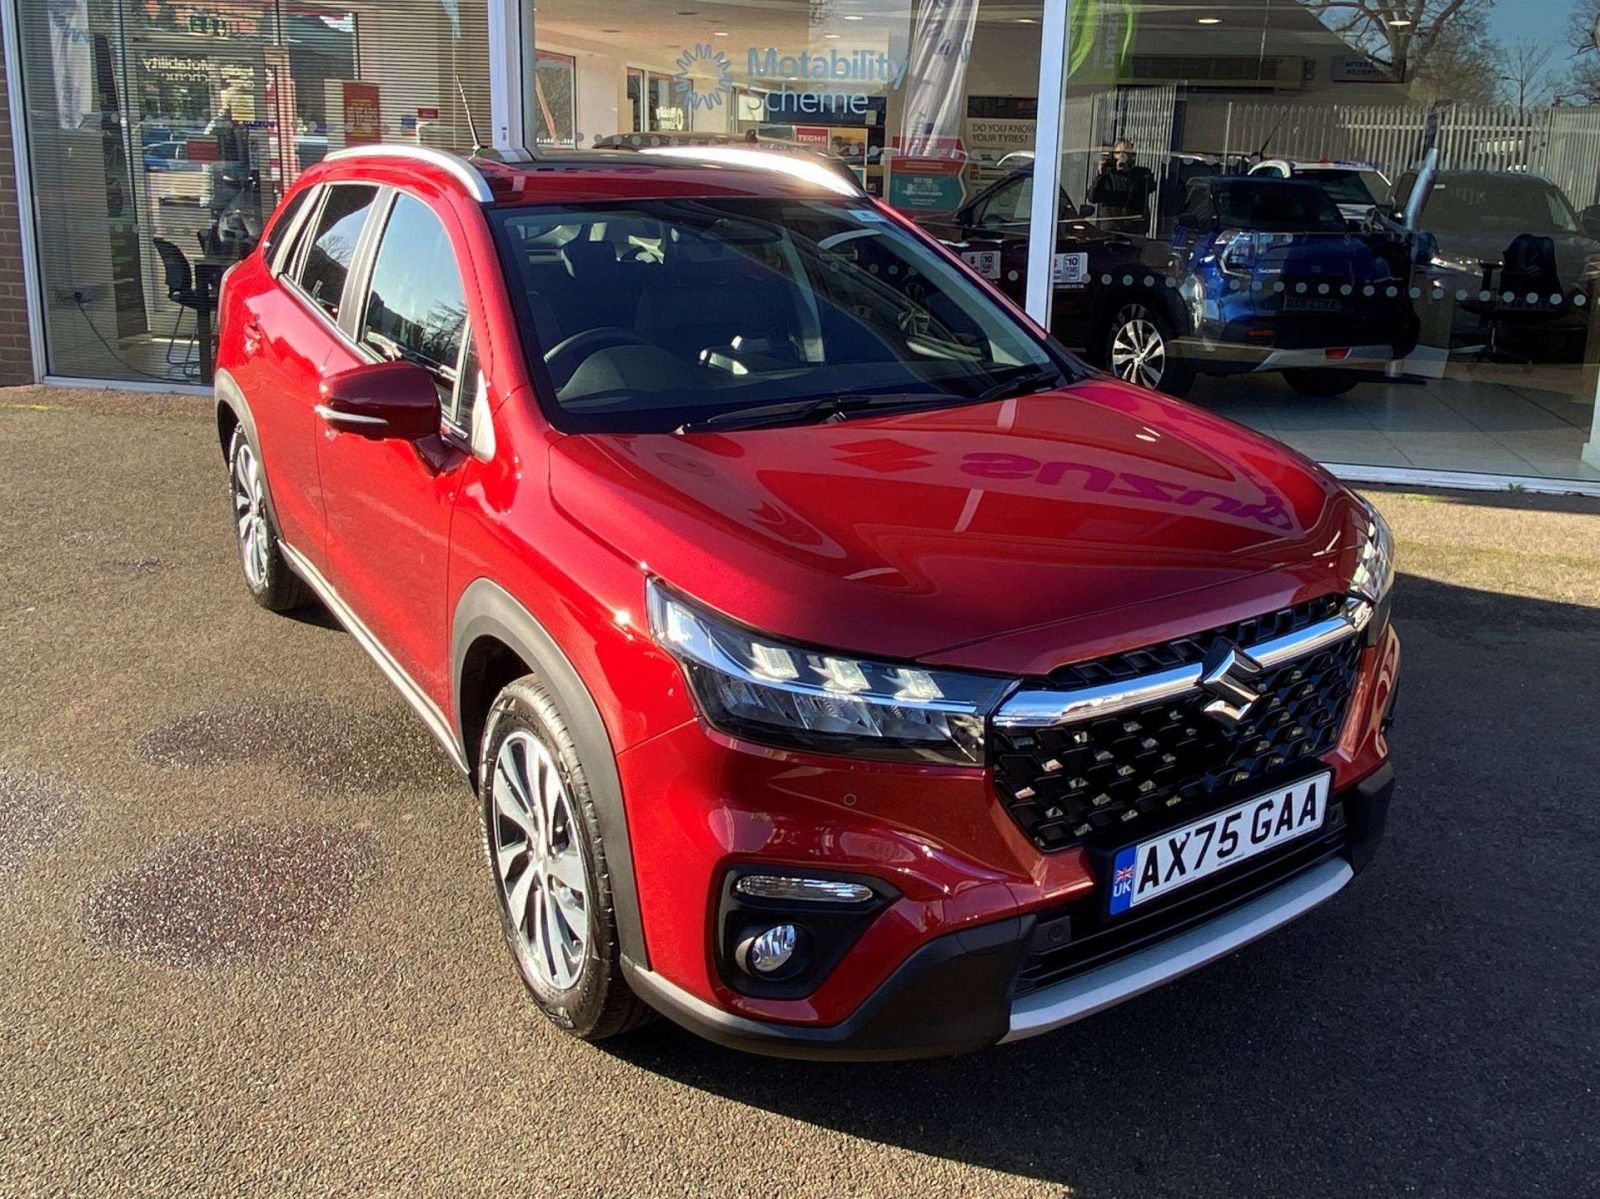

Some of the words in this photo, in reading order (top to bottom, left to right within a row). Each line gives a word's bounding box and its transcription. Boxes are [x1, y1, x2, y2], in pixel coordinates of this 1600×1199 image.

[747, 47, 909, 90] Motability
[747, 82, 869, 114] Scheme
[972, 123, 987, 133] DO
[988, 123, 1007, 133] YOU
[972, 133, 997, 142] YOUR
[1137, 811, 1243, 894] AX75
[1250, 783, 1317, 845] GAA
[1113, 880, 1131, 898] UK

→ **What this task involves**
When copying the entries, drop the images and keep every line exact.

→ **Exercise result**
Some of the words in this photo, in reading order (top to bottom, left to right within a row). Each line gives a word's bounding box and its transcription. Boxes are [x1, y1, x2, y2], in pixel coordinates of this 1600×1199 image.

[747, 47, 909, 90] Motability
[747, 82, 869, 114] Scheme
[972, 123, 987, 133] DO
[988, 123, 1007, 133] YOU
[972, 133, 997, 142] YOUR
[1137, 811, 1243, 894] AX75
[1250, 783, 1317, 845] GAA
[1113, 880, 1131, 898] UK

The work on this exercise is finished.